Otherwise, it will set you up for a repeat of getting hurt again. Until they heal what is hurting them… they will likely hurt you again. They cannot give you something they do not know… do not understand… and have not experienced. And if they keep hurting you even after they do know…or keep justifying their unloving ways of speaking to you or about you… that is a clear sign they have more healing to do… and you need to make a wise and emotionally safe choice for your own heart. You do not have to put yourself in close relational access with someone who keeps re wounding you. Wisdom is not rejection… it is protection. And Love always protects.
And here’s something else the Father of Love has been teaching my heart… there is no revenge or vindictive energy in me. None. I genuinely pray and hope that those who have hurt me… or hurt others I love… will heal from whatever taught them or convinced them that it was okay to treat me or other people that way. I don’t want them punished… I want them healed. I want them to know the Father of Love… the Heart Healer… the Heart Mender… the One who can repair the places in them that their hurtful behavior comes from. And this desire for their healing keeps your heart and my heart soft.
But until they heal… until they get a different heart set and mind set… until they learn not to treat others in hurtful ways… you may need to give yourself some relational safe space from them. Not as punishment… not as rejection… but as wisdom. Safe space is not cutting people off… it’s protecting and preserving the peace and healing you’ve found in the Father of Love’s Love. It’s refusing to enable unloving behavior. Love does not enable what is unloving. Love protects. Love guards the heart. Love honors the healing the Father of Love has begun in you. And this is how you love yourself well.
Your greatest act of Love is not to let them keep hurting you… your greatest act of Love is to pray for them… to bless them… and to give them the healing space they need with the Father of Love so He can heal their Know Nots and unhealed wounds… the very places their hurtful words and actions come from. You are not abandoning them… you are entrusting them to the only One who can truly heal them. And entrusting is an act of Love.
You are not a victim. You are a Victor in Christ Jesus. So keep on healing from the inside out. The more you see… become aware of… and heal… the more you will not make their issues about you. They won’t be able to play you like before. The most loving thing you can do for them is pray for them… that they will come to know… see… and experience the healing Love of God from the inside out. And as you heal, you will see clearly again.

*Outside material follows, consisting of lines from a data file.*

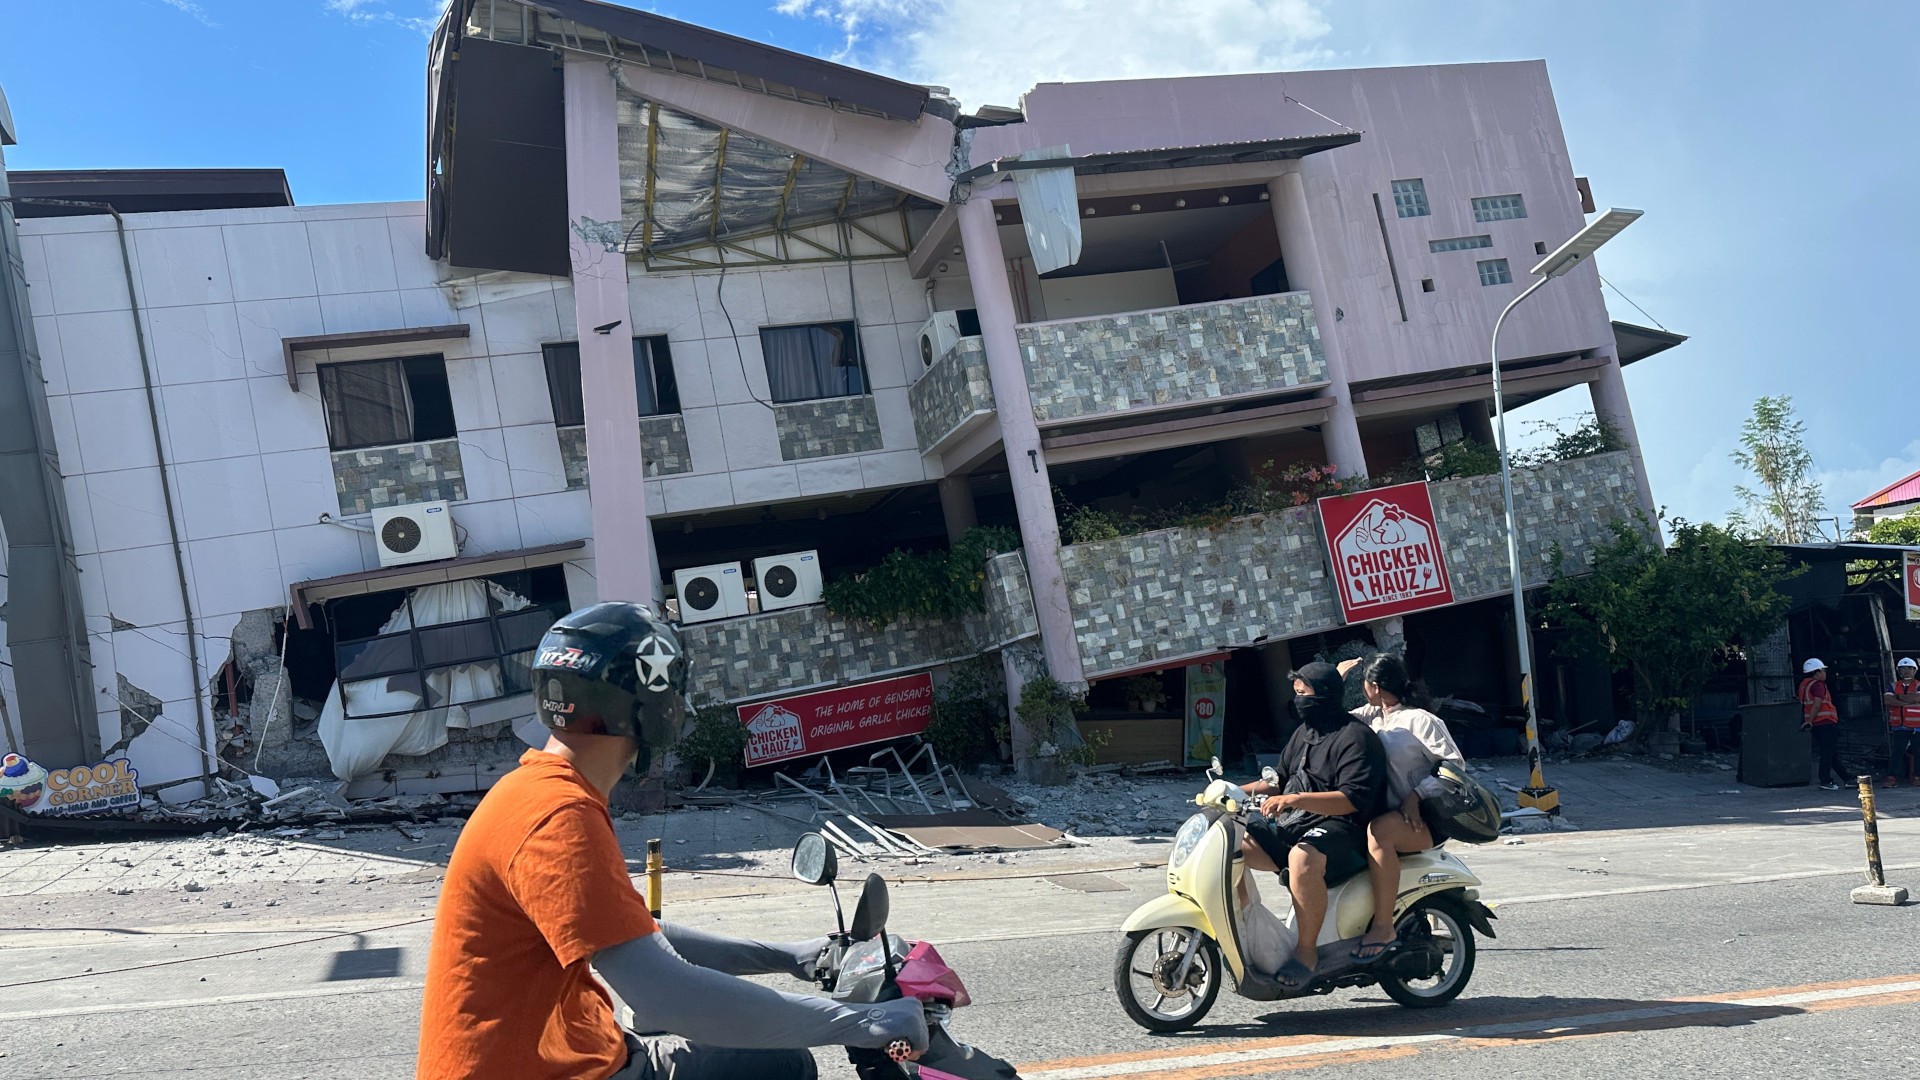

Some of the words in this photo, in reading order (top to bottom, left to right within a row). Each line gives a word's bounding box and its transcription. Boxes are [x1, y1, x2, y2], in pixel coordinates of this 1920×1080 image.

[1346, 543, 1430, 578] CHICKEN
[1368, 568, 1420, 597] HAUZ
[1382, 593, 1398, 602] SINCE
[815, 704, 834, 718] THE
[837, 698, 866, 714] HOME
[868, 696, 882, 708] OF
[884, 685, 931, 705] GENSAN'S
[750, 726, 798, 746] CHICKEN
[810, 720, 855, 738] ORIGINAL
[859, 712, 892, 728] GARLIC
[761, 739, 791, 756] HAUZ
[47, 760, 135, 791] COOL
[49, 780, 137, 806] CORNER
[91, 798, 108, 808] AND
[110, 793, 137, 804] COFFEE

And hear this loving truth gently… the Father of Love is sorry for how they have hurt you. But He wants you to be free from letting them make their bad behavior your responsibility. Only Love Himself… the Heart Repairer… can fix what is hurting inside of them that causes them to hurt others… and you. You just keep working on your part with the Father of Love… healing your Know Nots with His beautiful healing Love. And in that healing, you will find peace.
And if you’ve been hurt, know this gently… Child of Love… you are worth consistently and genuinely being treated with kindness… respect… honor… and value. You always were… maybe you just didn’t know it or believe it. Maybe you didn’t know it because there were those people who told you in your life they loved you but misrepresented the Father’s love and kind of love to you. Only you and the Father of love know the answers. If you’ve armored up your heart, it’s time to disarm. As you receive His Love, His Love will free you to love yourself with His Love… to love others (including those who have wounded and hurt you) and to receive His Love from those who are still in your life who represent His love well to you. He will show you how to love… and how to be loved. And this is where your heart begins to bloom again.

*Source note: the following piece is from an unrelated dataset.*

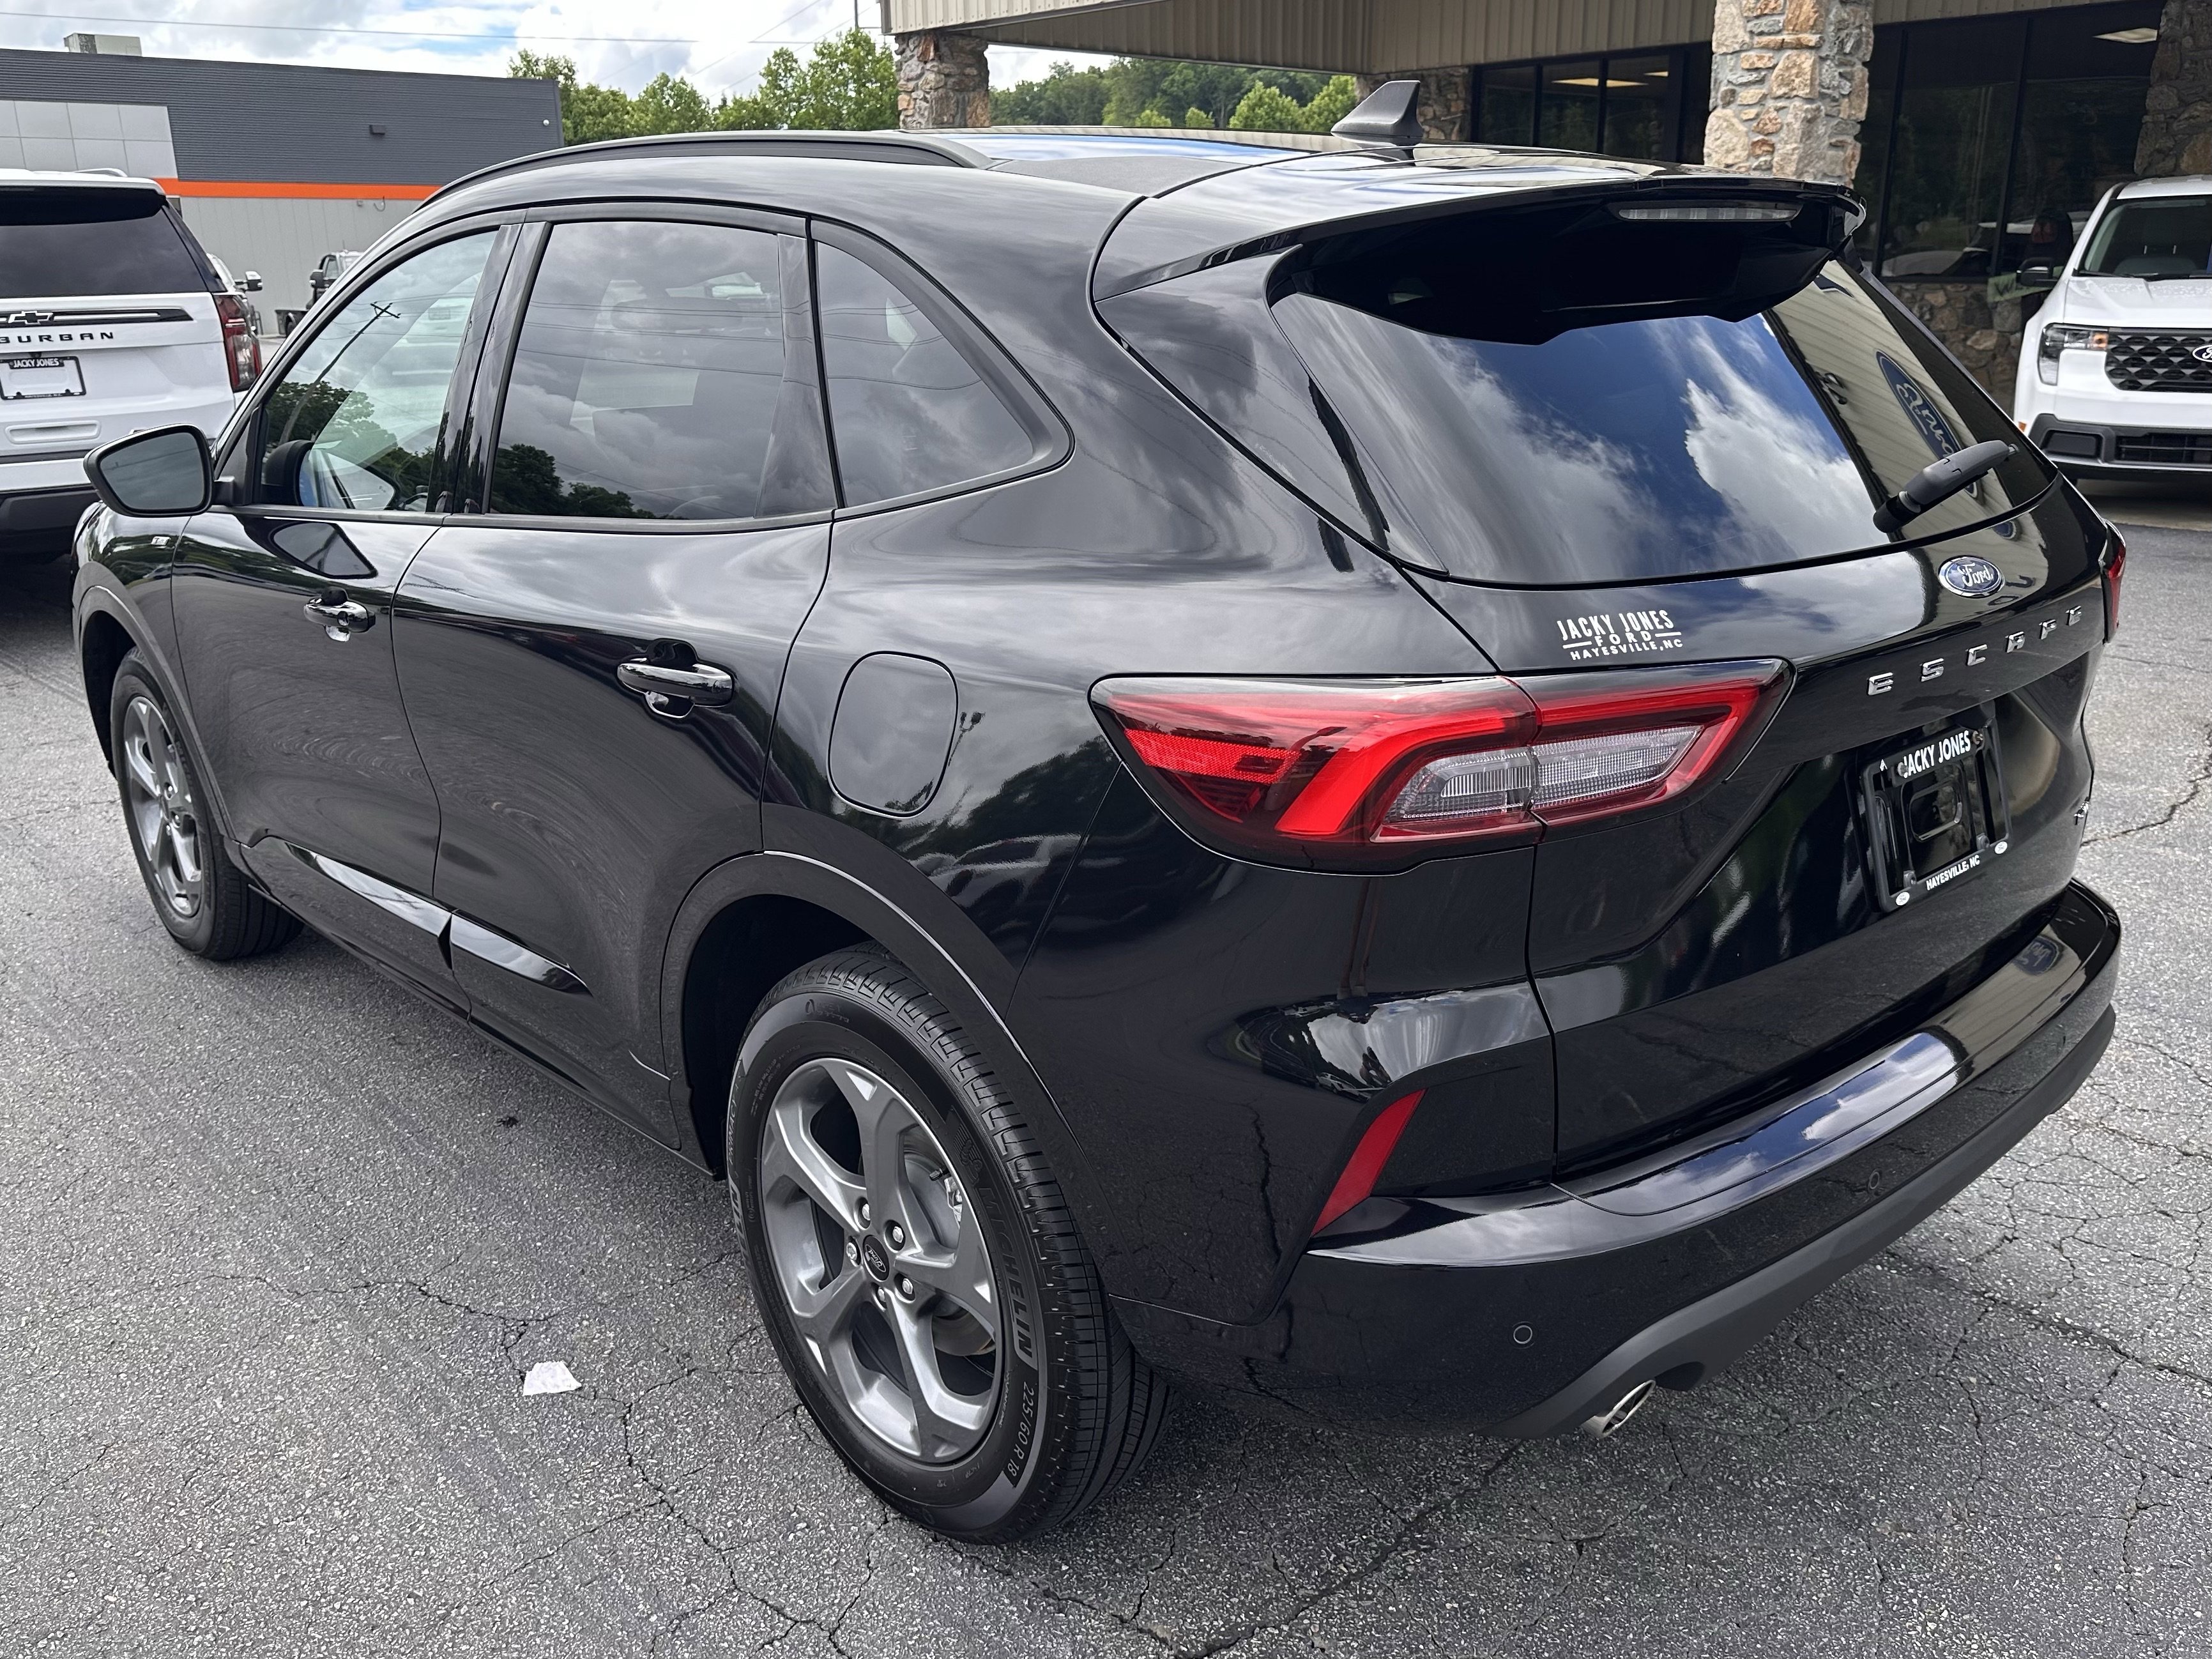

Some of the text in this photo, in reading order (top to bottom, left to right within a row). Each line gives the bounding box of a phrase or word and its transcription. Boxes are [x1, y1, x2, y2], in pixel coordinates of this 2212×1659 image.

I know it’s easy to lock up your heart quickly, but instead, invite the Heart Healer in today. Let Him go into the places you haven’t let anyone back into. Let His Love teach you. Let His Love highlight His Kingdom Lovers… those who have encountered and experienced His healing Love and will love you beyond your imagination… and will never want to hurt you. And when you meet them, you will recognize them by the fruit of Love in their lives.
Once you let the Heart Healer in, let the healing and blooming begin. Then enjoy His Love gifts… His friends, too… who will know how to love you with His Life… His Light… and His Love. Kingdom Lovers… keep keepin’ your Love on.
Heart2Heart in His Love,
Momo Smiley
Matthew 7:1–2 (NLT)Jesus teaches that judgment returns to the one who gives it… the measure you use on others becomes the measure that comes back to you. This reflects how judgment wounds your own heart first.
1 John 4:18–19 (NLT)Perfect Love drives out fear… and we love because He first loved us. This reveals why fear and judgment cannot stay where the Father of Love is healing you.
1 Samuel 16:7 (NLT)The Father of Love looks at the heart… not the outward appearance. This invites you to see yourself and others through His eyes of Love.
Luke 6:37 (NLT)When you stop judging, you stop being judged… freedom begins when judgment is released. This mirrors the freedom you described in your writing.
Proverbs 4:23 (NLT)Guard your heart above all else… for it determines the course of your life. This speaks to protecting your healing and creating relational safe space.
Romans 12:17–21 (NLT)Do not repay evil with evil… overcome evil with good. This reflects your heart posture of choosing Love instead of revenge.
Ephesians 4:31–32 (NLT)Let go of bitterness… be tenderhearted… forgive as the Father of Love forgave you. This aligns with healing from judgment and choosing compassion.
Galatians 6:1–2 (NLT)Restore others gently… carry their burdens. This echoes your call to pray for those whose unhealed wounds spill out as hurtful behavior.
Proverbs 19:11 (NLT)A wise heart overlooks offense… choosing patience over reaction. This reflects not making others’ unhealed behavior about you.
Colossians 3:12–14 (NLT)Clothe yourself with compassion, kindness, humility, gentleness, and patience… and above all, Love. This is the heart of being a relationship builder and heart builder.
James 1:19–20 (NLT)Be quick to listen… slow to speak… slow to get angry. This mirrors speaking the better word instead of prosecuting others with harshness.
Romans 8:1 (NLT)There is no condemnation for the Child of Love in Christ Jesus. This speaks to healing self‑judgment.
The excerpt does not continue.